[Pkg-utopia-maintainers] Bug#388864: Stop! Wait!

Lennart Poettering mzqrovna at 0pointer.de
Mon Oct 16 20:37:36 UTC 2006


On Mon, 16.10.06 12:06, Anand Kumria (wildfire at progsoc.org) wrote:

> >First, please use "mdns4" and "mdns4_minimal" modules instead of
> >"mdns" and "mdns_minimal". Why? Because many broken programs (one of
> 
> Lennart's suggestions break network setups.

We had this discussion before. I guess we agree to disagree on the way
the default configuration for nss-mdns should look like.

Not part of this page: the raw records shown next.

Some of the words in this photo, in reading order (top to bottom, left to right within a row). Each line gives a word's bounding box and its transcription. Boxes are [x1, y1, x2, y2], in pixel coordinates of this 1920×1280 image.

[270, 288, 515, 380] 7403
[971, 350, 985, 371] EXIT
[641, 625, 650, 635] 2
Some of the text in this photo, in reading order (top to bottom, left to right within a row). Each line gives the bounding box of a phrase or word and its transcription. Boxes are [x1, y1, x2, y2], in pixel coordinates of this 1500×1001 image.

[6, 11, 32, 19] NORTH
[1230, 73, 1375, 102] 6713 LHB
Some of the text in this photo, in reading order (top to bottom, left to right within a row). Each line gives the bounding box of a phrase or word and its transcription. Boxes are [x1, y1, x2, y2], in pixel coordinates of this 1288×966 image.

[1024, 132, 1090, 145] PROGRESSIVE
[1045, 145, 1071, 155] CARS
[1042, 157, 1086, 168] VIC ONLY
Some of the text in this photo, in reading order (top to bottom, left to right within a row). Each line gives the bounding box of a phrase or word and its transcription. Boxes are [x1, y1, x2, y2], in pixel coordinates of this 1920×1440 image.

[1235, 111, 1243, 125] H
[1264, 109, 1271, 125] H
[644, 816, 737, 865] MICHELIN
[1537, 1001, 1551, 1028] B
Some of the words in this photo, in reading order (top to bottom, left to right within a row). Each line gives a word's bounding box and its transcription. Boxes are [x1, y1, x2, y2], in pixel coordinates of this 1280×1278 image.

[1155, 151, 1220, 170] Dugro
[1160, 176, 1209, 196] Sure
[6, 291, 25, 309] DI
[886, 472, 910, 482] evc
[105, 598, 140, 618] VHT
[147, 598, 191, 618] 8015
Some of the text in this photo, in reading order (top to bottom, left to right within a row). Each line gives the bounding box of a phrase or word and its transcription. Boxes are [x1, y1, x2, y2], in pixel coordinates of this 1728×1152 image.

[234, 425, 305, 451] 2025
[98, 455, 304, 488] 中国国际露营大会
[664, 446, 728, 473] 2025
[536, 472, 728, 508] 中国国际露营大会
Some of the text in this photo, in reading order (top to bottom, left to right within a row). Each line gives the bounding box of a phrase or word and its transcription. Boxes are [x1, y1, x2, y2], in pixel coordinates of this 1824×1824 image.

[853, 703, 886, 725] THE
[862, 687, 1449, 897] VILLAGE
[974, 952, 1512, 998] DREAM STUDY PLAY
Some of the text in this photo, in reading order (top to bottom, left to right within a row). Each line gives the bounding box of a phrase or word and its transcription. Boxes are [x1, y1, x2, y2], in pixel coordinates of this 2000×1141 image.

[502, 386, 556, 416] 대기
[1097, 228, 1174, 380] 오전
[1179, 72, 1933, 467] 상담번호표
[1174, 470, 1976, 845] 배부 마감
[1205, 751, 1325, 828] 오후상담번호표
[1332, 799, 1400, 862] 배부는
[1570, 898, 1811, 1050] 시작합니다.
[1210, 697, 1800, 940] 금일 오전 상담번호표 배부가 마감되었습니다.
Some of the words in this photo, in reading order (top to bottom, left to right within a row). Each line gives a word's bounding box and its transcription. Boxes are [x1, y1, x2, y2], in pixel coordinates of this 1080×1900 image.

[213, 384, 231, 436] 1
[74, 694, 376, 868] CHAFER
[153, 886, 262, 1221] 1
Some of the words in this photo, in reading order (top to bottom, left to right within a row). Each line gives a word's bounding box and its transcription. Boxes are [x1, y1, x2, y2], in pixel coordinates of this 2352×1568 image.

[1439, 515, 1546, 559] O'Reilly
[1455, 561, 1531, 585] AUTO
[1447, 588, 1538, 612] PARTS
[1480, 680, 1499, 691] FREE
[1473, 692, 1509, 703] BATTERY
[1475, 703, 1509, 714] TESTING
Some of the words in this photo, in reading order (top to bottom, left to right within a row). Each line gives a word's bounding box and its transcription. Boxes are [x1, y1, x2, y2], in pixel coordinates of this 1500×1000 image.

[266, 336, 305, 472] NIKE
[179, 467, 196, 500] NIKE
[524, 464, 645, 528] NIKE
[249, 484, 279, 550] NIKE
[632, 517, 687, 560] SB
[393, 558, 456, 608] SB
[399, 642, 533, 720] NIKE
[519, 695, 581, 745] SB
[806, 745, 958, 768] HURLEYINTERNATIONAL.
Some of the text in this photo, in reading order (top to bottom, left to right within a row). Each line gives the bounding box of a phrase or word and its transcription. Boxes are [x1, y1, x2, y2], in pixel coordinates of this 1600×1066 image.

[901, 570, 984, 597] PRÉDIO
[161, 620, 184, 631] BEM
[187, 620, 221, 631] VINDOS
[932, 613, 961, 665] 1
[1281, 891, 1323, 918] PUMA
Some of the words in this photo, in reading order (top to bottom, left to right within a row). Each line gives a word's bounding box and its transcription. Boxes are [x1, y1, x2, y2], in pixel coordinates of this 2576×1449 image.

Yes, the configuration line I suggest fully breaks in already-broken
setups. The line you suggest is broken, too, however in a different
way: it sort-of works in more situations than my solution, however it
slows down things for *everyone*, adds security problems and as has a
few other drawbacks.

As it happens I am quite a mDNS/DNS-SD guy. Perhaps only Marc
Krochmal and Stuart Ceshire from Apple - who originally designed
mDNS/DNS-SD - know the Zeroconf protocols better than I do. I wrote
both nss-mdns and Avahi. And I am currently working on pushing mDNS to
the next level, adapting it for large mesh networks for usage in OLPC,
making it better scalable.

All three of us - me, and the two Apple guys - came to exactly the
same solution for the problems we are discussing here: make mDNS
authoritative in .local by default, but allow people to change that
behaviour manually if they really need and want to.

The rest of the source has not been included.